Extracted information:
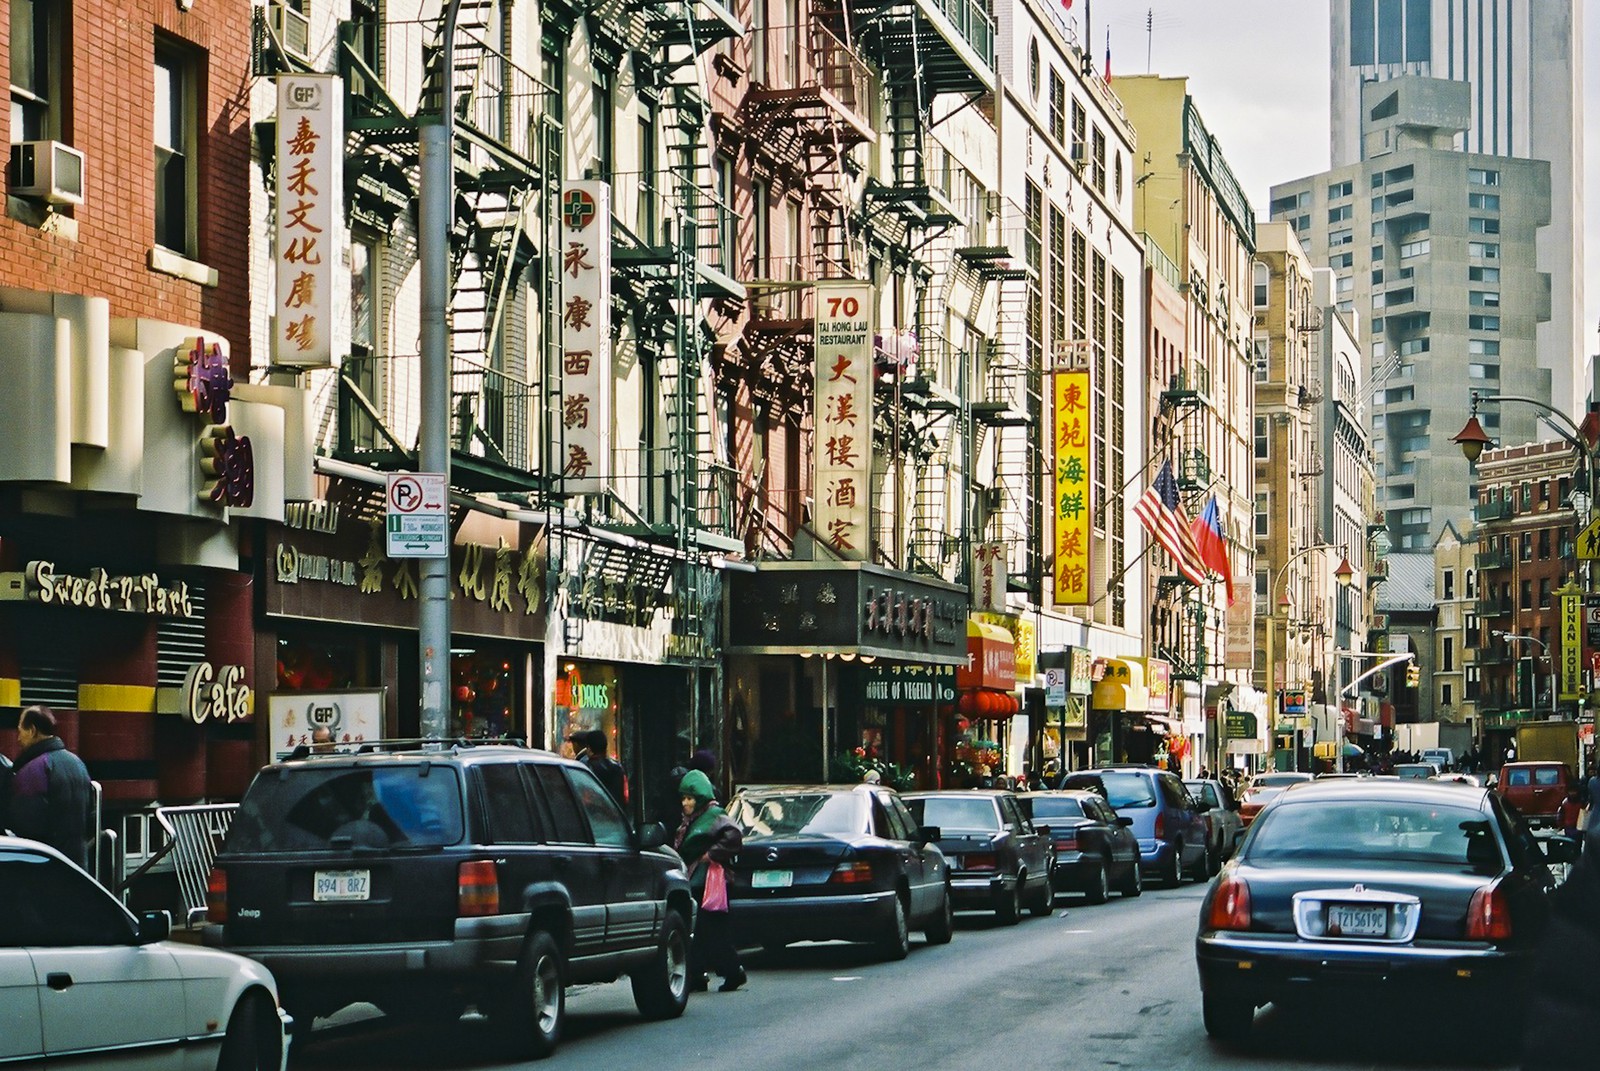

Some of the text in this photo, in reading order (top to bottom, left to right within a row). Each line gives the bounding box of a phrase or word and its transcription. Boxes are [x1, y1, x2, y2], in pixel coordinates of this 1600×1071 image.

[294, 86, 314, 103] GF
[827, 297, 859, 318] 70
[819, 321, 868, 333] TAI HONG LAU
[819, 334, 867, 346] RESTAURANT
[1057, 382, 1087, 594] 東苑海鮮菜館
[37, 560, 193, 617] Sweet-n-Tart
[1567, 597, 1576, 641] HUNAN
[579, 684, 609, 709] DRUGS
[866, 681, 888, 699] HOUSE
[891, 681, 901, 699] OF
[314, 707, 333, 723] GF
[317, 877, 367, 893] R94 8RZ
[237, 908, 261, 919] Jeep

What this task involves: Pictures are to be left out; repeat all the remaining data exactly.

Your response:
Some of the text in this photo, in reading order (top to bottom, left to right within a row). Each line gives the bounding box of a phrase or word and its transcription. Boxes are [x1, y1, x2, y2], in pixel coordinates of this 1600×1071 image.

[294, 86, 314, 103] GF
[827, 297, 859, 318] 70
[819, 321, 868, 333] TAI HONG LAU
[819, 334, 867, 346] RESTAURANT
[1057, 382, 1087, 594] 東苑海鮮菜館
[37, 560, 193, 617] Sweet-n-Tart
[1567, 597, 1576, 641] HUNAN
[579, 684, 609, 709] DRUGS
[866, 681, 888, 699] HOUSE
[891, 681, 901, 699] OF
[314, 707, 333, 723] GF
[317, 877, 367, 893] R94 8RZ
[237, 908, 261, 919] Jeep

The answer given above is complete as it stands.